Первый разговор был окончен. Мицкевич, идя на встречу с Гёте, не ждал слишком многого. Он был уже человеком, знающим свет, и, следовательно, знал, что визиты такого рода никогда не имеют существенного содержания. Форма и ритуал служат тут, собственно, единственной цели: чтобы дело никоим образом не дошло до фамильярности.

Формой и шаблоном веймарский Юпитер оборонялся от назойливости света, точно так же как научился мифологическими фигурами сдерживать лирическое волнение. Поэт не любил дел, которые могли нарушить его покой, его столь тщательно выработанный жизненный распорядок. Он приветствовал в своей веймарской резиденции поэта того народа, страдания которого были ему чужды, ибо для них не оставалось места в его счастливой судьбе. Быть может, он и не одобрял разделов Польши, но его не занимала судьба страны, с которой он не чувствовал себя связанным никакими узами, страны, которой он ничем не был обязан. Англия — это был Вальтер Скотт и Байрон, великий Байрон, дружеского расположения которого он искал. Польша — это была госпожа Шимановская. Но госпожа Шимановская была для него прежде всего красивой женщиной. В память о ней он проявил столько учтивости «für die beiden Polen».

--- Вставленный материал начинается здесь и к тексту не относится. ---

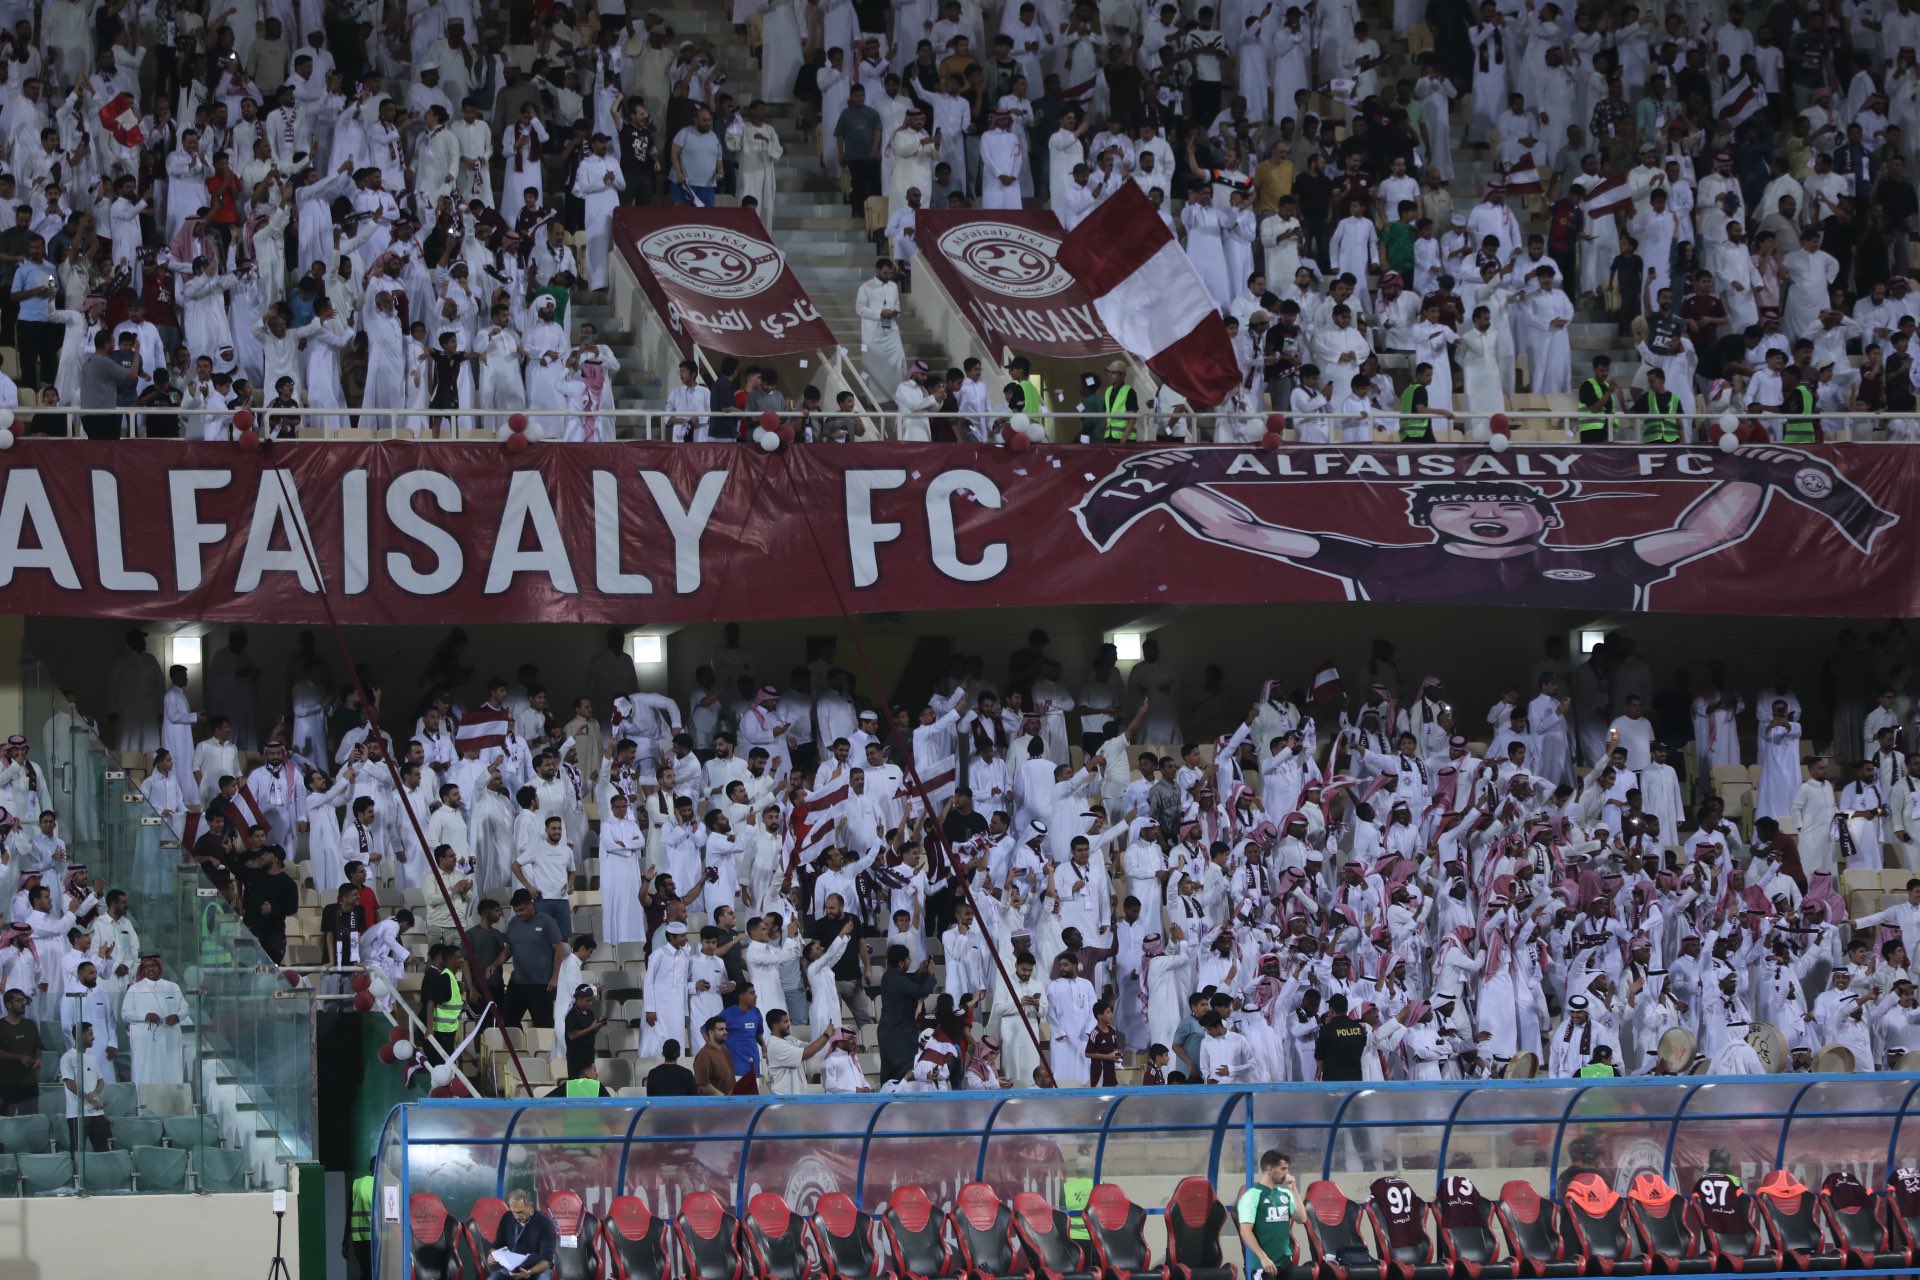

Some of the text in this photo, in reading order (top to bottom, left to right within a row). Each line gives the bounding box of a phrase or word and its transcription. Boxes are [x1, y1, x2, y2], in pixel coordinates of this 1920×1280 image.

Одынец был явно разочарован встречей, которой придавал большое значение. Он был литератором до мозга костей. Жил в мире книг и сплетен, писательская кухня интересовала его не меньше, чем сама словесность, он до смерти любил тереться в кругу знаменитостей и связывать свое имя с именами великих писателей, довольствуясь ролью тени. Как многих умеренно одаренных и неумеренно любопытных людей, его дразнила тайна гения, он считал, что стоит изменить перспективу, чтобы приблизиться к ее разрешению. Разочарование его во время описанного тут приема и во время позднейших неоднократных встреч обоих польских поэтов с Гёте проистекало из ошибочного предположения, что сам поэт непременно должен быть яснее и гораздо занятнее, чем его творения.